For corporations migrating from paper binders or legacy systems, MinuteBox offers concierge migration supported by the MinuteBox team. Security is backed by SOC 2 Type II, ISO 27001, ISO 27017 and ISO 27018 certifications. For related reading, see how CBCA record-keeping evolved from Bill C-86 to Bill C-42 and the annual corporate filing calendar.
Book a demo to see how MinuteBox helps corporations move from incorporation through to ongoing governance in one workflow.
This article is for informational purposes and does not constitute legal advice. Consult qualified legal counsel for guidance specific to your situation and jurisdiction.
FAQ – Methods of Incorporation in Canada
The outcomes described below are illustrative and depend on specific facts. Consult qualified legal counsel for advice on your situation.
Should I incorporate federally or provincially in Canada?
The decision depends on three main factors: where the corporation will operate, where the directors live and how important nationwide name protection is. Federal CBCA incorporation provides nationwide name protection and the right to operate in every province subject to extra-provincial registration. Provincial incorporation is faster and less expensive but limits name protection to the province of incorporation.
Federal also requires 25 percent Canadian-resident directors, while Ontario, BC, Quebec and Alberta have no residency requirement.
How much does it cost to incorporate in Canada?
Federal CBCA incorporation costs $200 when filed online through Corporations Canada.
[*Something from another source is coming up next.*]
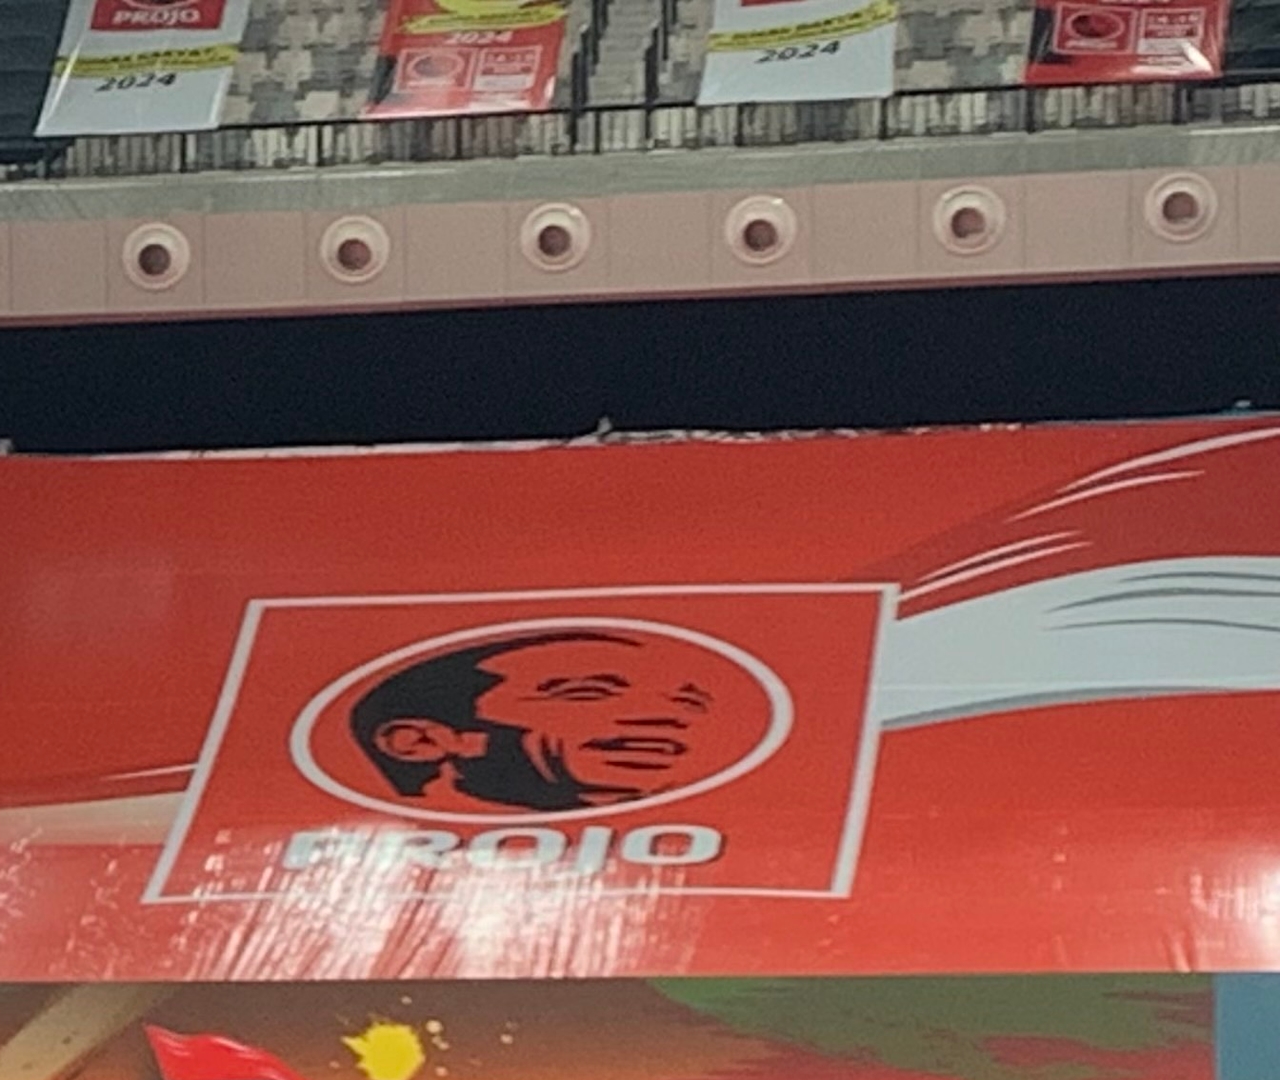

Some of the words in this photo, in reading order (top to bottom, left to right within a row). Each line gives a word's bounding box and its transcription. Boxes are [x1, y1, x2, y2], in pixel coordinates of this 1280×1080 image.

Provincial incorporation fees vary, for example $300 in Ontario, approximately $351.50 in British Columbia and $379 priority in Quebec; Alberta varies by registry agent.
Additional costs may include a NUANS report (approximately $13.80 directly or $48 to $80 through a service provider), legal fees if counsel is retained, share certificate preparation and a corporate minute book setup. Total all-in costs for a basic incorporation typically run $400 to $1,500 depending on jurisdiction and whether legal services are used.
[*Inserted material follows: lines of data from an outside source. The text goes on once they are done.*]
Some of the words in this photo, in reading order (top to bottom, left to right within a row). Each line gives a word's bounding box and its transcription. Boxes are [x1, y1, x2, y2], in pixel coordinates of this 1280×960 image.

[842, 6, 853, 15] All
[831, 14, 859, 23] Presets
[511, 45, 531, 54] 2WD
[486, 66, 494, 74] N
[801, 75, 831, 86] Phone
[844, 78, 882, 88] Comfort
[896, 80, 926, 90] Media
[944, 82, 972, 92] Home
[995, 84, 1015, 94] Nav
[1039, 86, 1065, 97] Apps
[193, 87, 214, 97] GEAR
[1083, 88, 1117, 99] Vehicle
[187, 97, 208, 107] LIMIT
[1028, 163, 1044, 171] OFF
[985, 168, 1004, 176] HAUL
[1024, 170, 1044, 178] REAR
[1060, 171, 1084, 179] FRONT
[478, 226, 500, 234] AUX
How long does it take to incorporate a corporation in Canada?
Federal CBCA online filings typically clear within 1 business day through the Corporations Canada Online Filing Centre, with a paid 4-hour express service available for an additional fee. Provincial filings often clear quickly as well, especially for numbered corporations.
Ontario can issue numbered OBCA corporations the same day. BC and Quebec generally turn around within 1 to 3 business days. Same-day priority filing is available in some provinces for an additional fee.
Do I need a Canadian-resident director to incorporate?
For federal CBCA incorporation, yes. At least 25 percent of directors must be resident Canadians, or at least one director if there are fewer than four directors total.
Ontario removed its residency requirement under the OBCA in 2021. British Columbia, Quebec and Alberta also have no director residency requirement. Founders based outside Canada often choose Ontario or another residency-free province to avoid the federal requirement.
What is a NUANS report and when do I need one?
A NUANS report compares a proposed corporate name against existing Canadian corporate names, business names and registered trademarks. Corporations Canada has integrated the name search into the federal Online Filing Centre, so a separately ordered report is no longer strictly required for online federal named incorporations. Most provinces, including Ontario, still accept a NUANS report when filing a named provincial incorporation, dated within 90 days. MinuteBox’s registry services include NUANS searches as part of the incorporation workflow.